▸ Stored items from a collection:
-.-.-

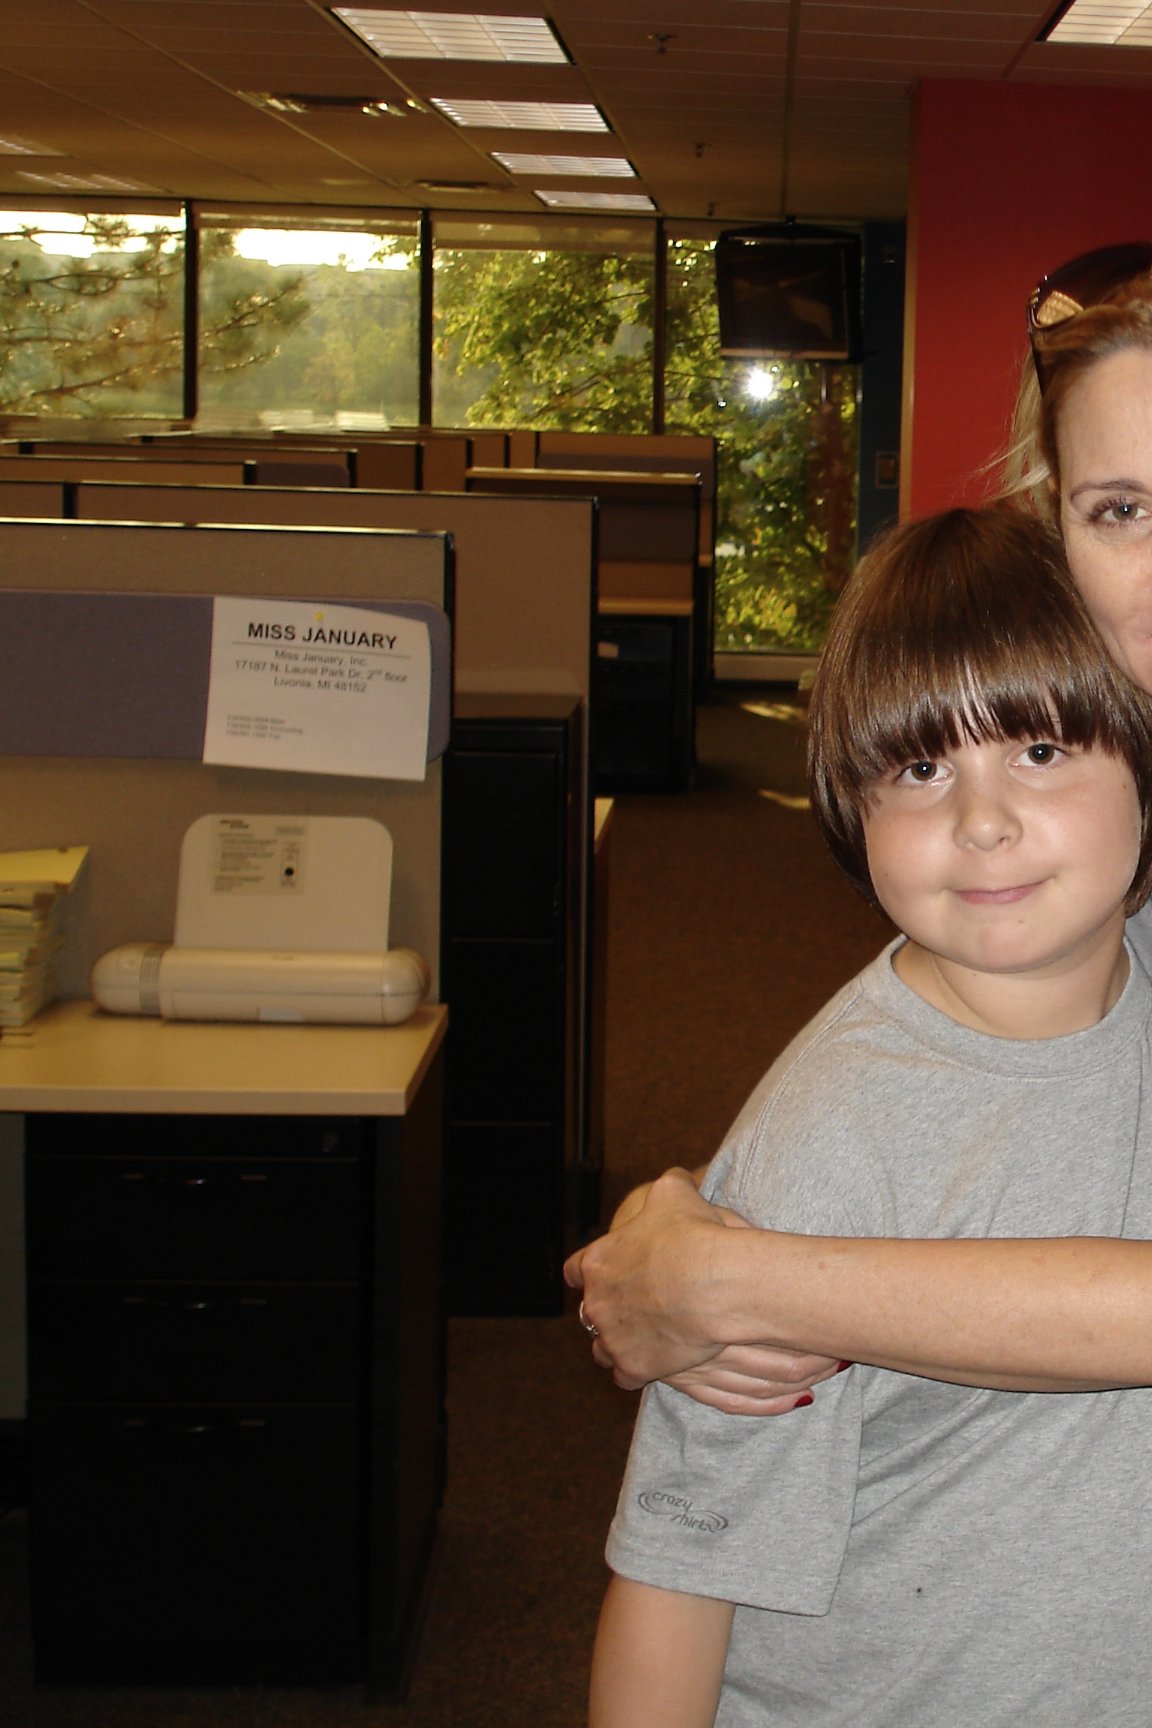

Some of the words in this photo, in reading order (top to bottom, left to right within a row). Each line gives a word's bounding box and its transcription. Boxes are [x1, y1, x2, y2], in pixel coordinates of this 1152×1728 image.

[247, 623, 296, 641] MISS
[302, 627, 397, 650] JANUARY
[274, 650, 299, 661] Miss
[285, 663, 318, 676] Laurel
[321, 666, 344, 678] Park
[384, 671, 407, 683] floor
[318, 679, 330, 690] MI
[652, 1491, 693, 1513] crazy

-.-.-

▸ Task item: Retype the data above exactly; pictures are not part of the copy.

▸ Exercise solution:
Some of the words in this photo, in reading order (top to bottom, left to right within a row). Each line gives a word's bounding box and its transcription. Boxes are [x1, y1, x2, y2], in pixel coordinates of this 1152×1728 image.

[247, 623, 296, 641] MISS
[302, 627, 397, 650] JANUARY
[274, 650, 299, 661] Miss
[285, 663, 318, 676] Laurel
[321, 666, 344, 678] Park
[384, 671, 407, 683] floor
[318, 679, 330, 690] MI
[652, 1491, 693, 1513] crazy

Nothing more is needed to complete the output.